This vibrant Avocado and Bean Salad is a delightful celebration of fresh flavours and nutritious ingredients. Packed with protein-rich beans and creamy avocado, it’s perfect for a light lunch or as a refreshing side dish. The zesty dressing adds a tangy kick, enhancing the natural goodness of the vegetables. Whether enjoyed on its own or as part of a larger spread, this salad hits the spot everytime.

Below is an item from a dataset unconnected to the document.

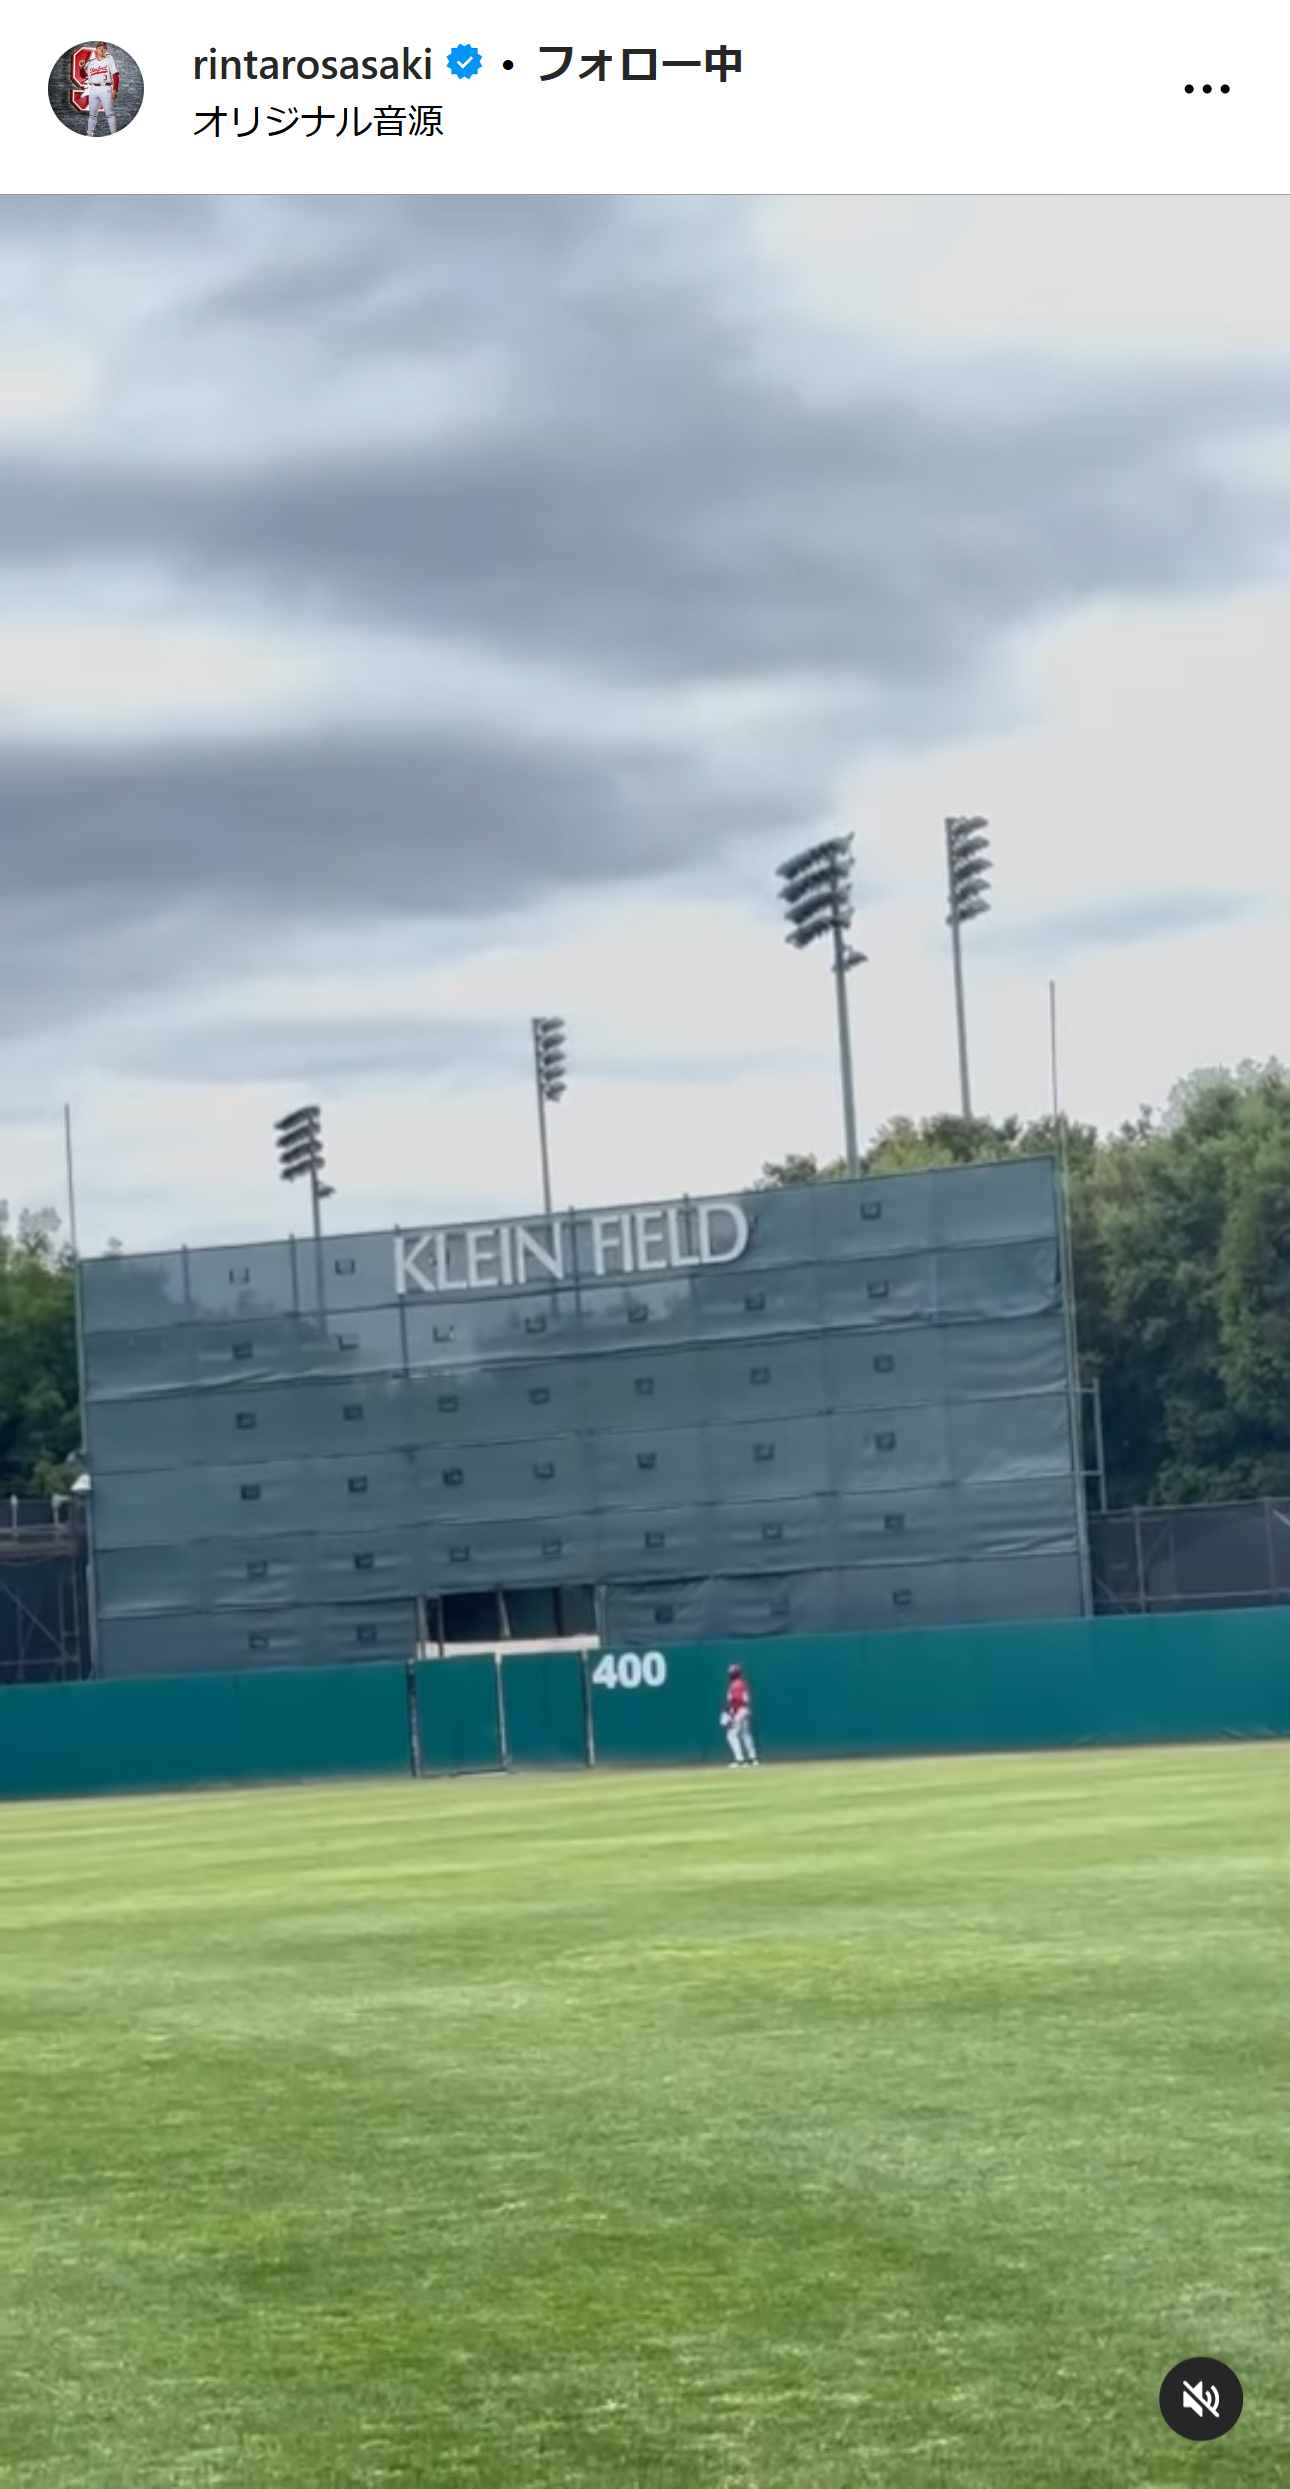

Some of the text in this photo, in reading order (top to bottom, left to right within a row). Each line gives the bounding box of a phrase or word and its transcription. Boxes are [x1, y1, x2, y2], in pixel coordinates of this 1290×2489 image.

[394, 1202, 749, 1294] KLEIN FIELD
[592, 1651, 667, 1689] 400
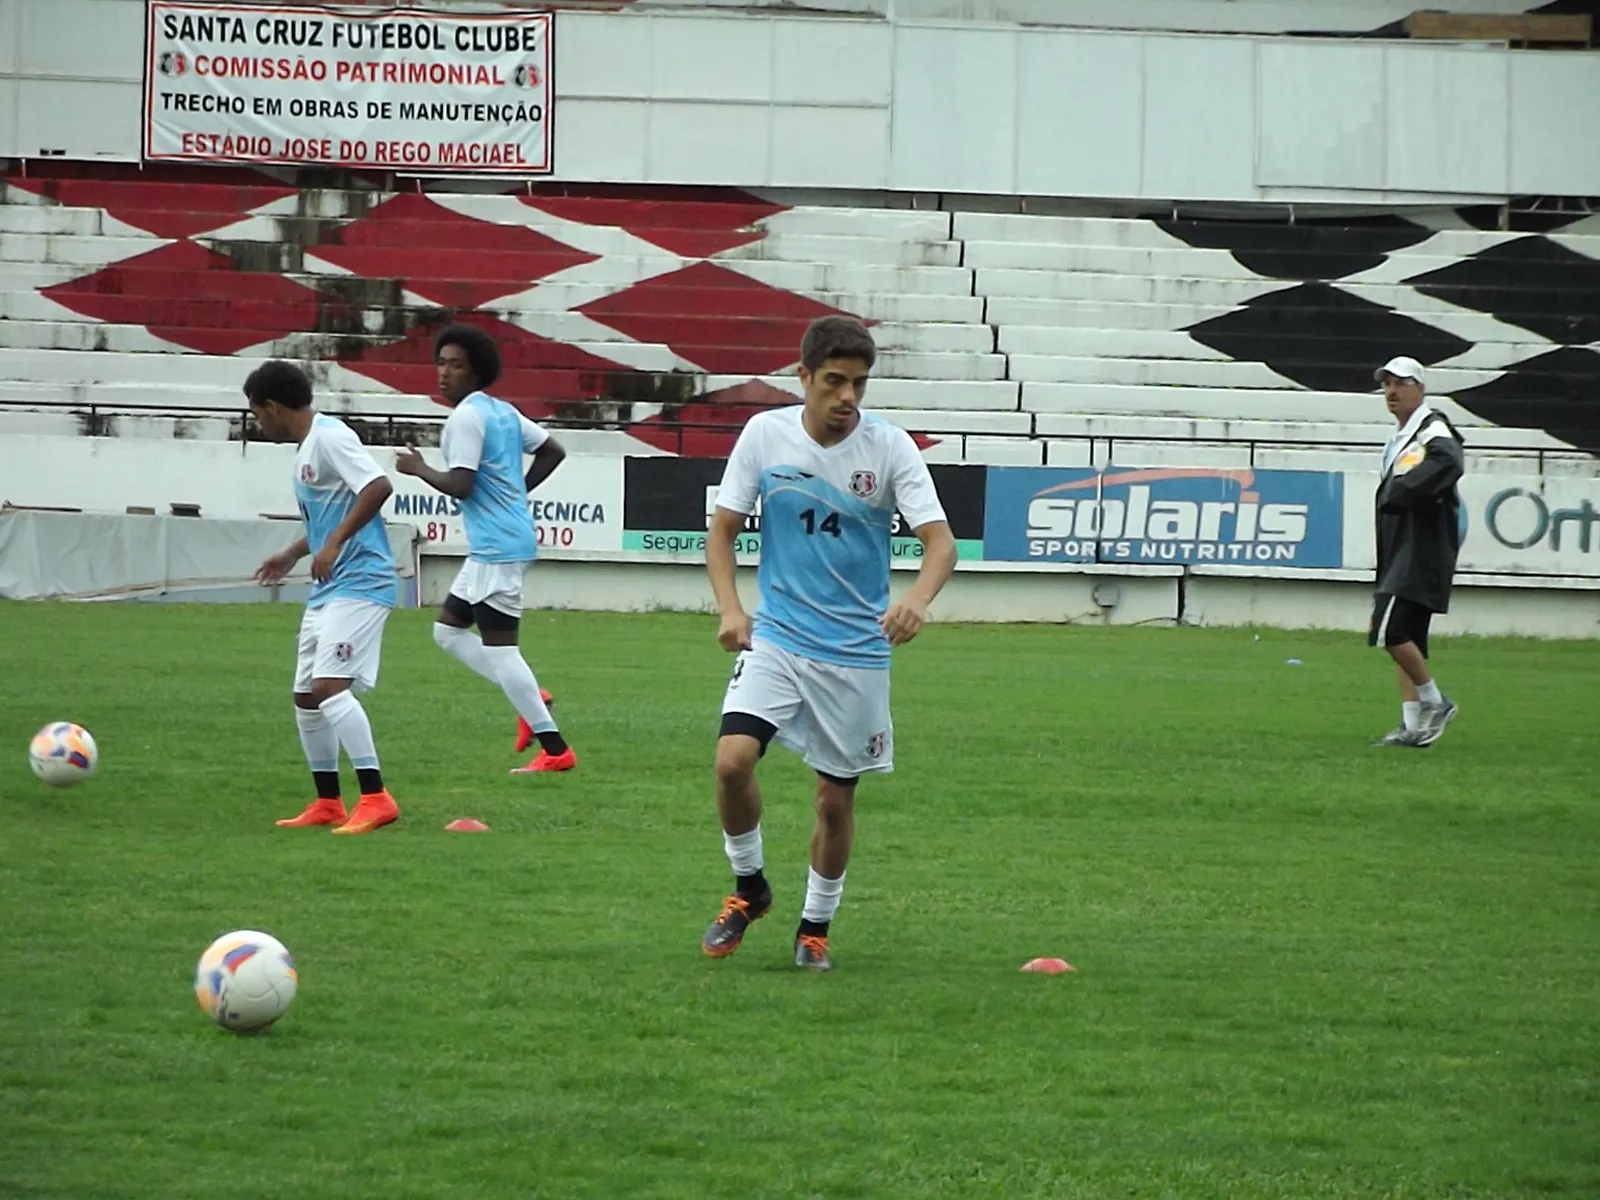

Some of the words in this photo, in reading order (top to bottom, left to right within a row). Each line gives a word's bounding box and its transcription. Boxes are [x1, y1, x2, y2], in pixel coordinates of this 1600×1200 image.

Avocado and Bean Salad: Refreshing and Nutritious
If you’re on the lookout for a healthy and delicious salad recipe, this avocado and bean salad is a fantastic choice! Bursting with plant-based protein and vibrant raw veggies, this salad is not only nutritious but also incredibly satisfying. Its fresh and zesty ingredients come together to create a dish that is sure to become a great addition to your meal rotation.
In our household, this salad has quickly become a family favourite. The dressing strikes the perfect balance, providing a delightful twist without overwhelming the other flavours, reminiscent of Mexican or Southwestern cuisine.
What’s great about this recipe is how quick and versatile it is; it can be ready in just 10 minutes! Enjoy it as a refreshing standalone dish or serve it as an accompaniment at barbecues, picnics, or buffets. It makes for a delightful alternative to traditional lentil salads. Just keep in mind to prepare it closer to mealtime, as the avocado can oxidise and turn brown if made too far in advance. Store any leftovers in an airtight container to keep them fresh and tasty.
While there are numerous canned bean salads available in supermarkets, I prefer to steer clear of them. Many tend to be soggy and bland, and some even contain excessive amounts of salt. Homemade bean salads not only taste infinitely better but are also easy to whip up in your own kitchen, allowing you to control the flavours and ingredients to suit your palate.
Why You Will Love This Recipe
- Quick and Easy: This avocado and bean salad comes together in just 10 minutes, making it the perfect solution for busy weeknights or last-minute gatherings.
- Nutritious and Filling: Packed with plant-based protein and fibre, this salad is both satisfying and nourishing, providing a great way to fuel your day.
- Versatile Dish: Whether you enjoy it on its own, serve it as a side for barbecues, or bring it to potlucks and picnics, this salad is adaptable for any occasion.
- Fresh and Zesty Flavours: The light dressing adds a tasty kick, enhancing the fresh ingredients and bringing a touch of Mexican and Southwestern flair to your meal.
- Better Than Store-Bought: Ditch the soggy canned options! This homemade version not only tastes far superior but also allows you to customise the ingredients to your liking, ensuring maximum flavour and freshness.
- Leftovers? Any extras can be stored in an airtight container, making it a convenient option for lunch the next day—just be sure to enjoy it soon to keep the avocado vibrant and green!
How to make this recipe
It could not be simpler. All you have to do is toss the beans and the raw vegetables in the zingy lime dressing.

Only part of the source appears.